▶ _What needs to be done_
In this exercise, every entry below is to be reproduced word for word.

▶ _Input_
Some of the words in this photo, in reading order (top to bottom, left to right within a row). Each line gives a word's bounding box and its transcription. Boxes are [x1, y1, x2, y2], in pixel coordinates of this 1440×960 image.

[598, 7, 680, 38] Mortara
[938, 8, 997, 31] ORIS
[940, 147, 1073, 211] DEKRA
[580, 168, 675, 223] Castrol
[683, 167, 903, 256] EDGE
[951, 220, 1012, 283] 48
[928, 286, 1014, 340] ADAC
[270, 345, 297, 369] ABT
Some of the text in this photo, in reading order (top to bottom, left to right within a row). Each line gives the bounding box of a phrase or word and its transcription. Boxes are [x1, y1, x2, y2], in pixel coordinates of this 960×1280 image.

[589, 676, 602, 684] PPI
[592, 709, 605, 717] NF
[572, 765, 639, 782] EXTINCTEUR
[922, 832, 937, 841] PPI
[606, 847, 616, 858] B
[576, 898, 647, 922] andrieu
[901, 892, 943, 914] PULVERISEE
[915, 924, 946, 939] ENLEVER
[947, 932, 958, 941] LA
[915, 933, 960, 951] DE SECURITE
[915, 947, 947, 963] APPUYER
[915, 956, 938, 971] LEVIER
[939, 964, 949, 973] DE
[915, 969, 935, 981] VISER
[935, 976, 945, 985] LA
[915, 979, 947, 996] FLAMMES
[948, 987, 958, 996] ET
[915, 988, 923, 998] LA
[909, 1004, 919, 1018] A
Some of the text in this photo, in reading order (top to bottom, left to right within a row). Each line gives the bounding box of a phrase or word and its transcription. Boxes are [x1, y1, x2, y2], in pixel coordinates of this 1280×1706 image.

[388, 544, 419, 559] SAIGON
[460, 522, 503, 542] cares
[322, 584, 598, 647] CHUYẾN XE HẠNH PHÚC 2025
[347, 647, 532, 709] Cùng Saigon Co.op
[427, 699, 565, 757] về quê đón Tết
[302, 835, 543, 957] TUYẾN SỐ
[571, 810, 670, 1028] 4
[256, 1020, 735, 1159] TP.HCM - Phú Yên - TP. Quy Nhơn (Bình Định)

▶ _Task response_
Some of the words in this photo, in reading order (top to bottom, left to right within a row). Each line gives a word's bounding box and its transcription. Boxes are [x1, y1, x2, y2], in pixel coordinates of this 1440×960 image.

[598, 7, 680, 38] Mortara
[938, 8, 997, 31] ORIS
[940, 147, 1073, 211] DEKRA
[580, 168, 675, 223] Castrol
[683, 167, 903, 256] EDGE
[951, 220, 1012, 283] 48
[928, 286, 1014, 340] ADAC
[270, 345, 297, 369] ABT
Some of the text in this photo, in reading order (top to bottom, left to right within a row). Each line gives the bounding box of a phrase or word and its transcription. Boxes are [x1, y1, x2, y2], in pixel coordinates of this 960×1280 image.

[589, 676, 602, 684] PPI
[592, 709, 605, 717] NF
[572, 765, 639, 782] EXTINCTEUR
[922, 832, 937, 841] PPI
[606, 847, 616, 858] B
[576, 898, 647, 922] andrieu
[901, 892, 943, 914] PULVERISEE
[915, 924, 946, 939] ENLEVER
[947, 932, 958, 941] LA
[915, 933, 960, 951] DE SECURITE
[915, 947, 947, 963] APPUYER
[915, 956, 938, 971] LEVIER
[939, 964, 949, 973] DE
[915, 969, 935, 981] VISER
[935, 976, 945, 985] LA
[915, 979, 947, 996] FLAMMES
[948, 987, 958, 996] ET
[915, 988, 923, 998] LA
[909, 1004, 919, 1018] A
Some of the text in this photo, in reading order (top to bottom, left to right within a row). Each line gives the bounding box of a phrase or word and its transcription. Boxes are [x1, y1, x2, y2], in pixel coordinates of this 1280×1706 image.

[388, 544, 419, 559] SAIGON
[460, 522, 503, 542] cares
[322, 584, 598, 647] CHUYẾN XE HẠNH PHÚC 2025
[347, 647, 532, 709] Cùng Saigon Co.op
[427, 699, 565, 757] về quê đón Tết
[302, 835, 543, 957] TUYẾN SỐ
[571, 810, 670, 1028] 4
[256, 1020, 735, 1159] TP.HCM - Phú Yên - TP. Quy Nhơn (Bình Định)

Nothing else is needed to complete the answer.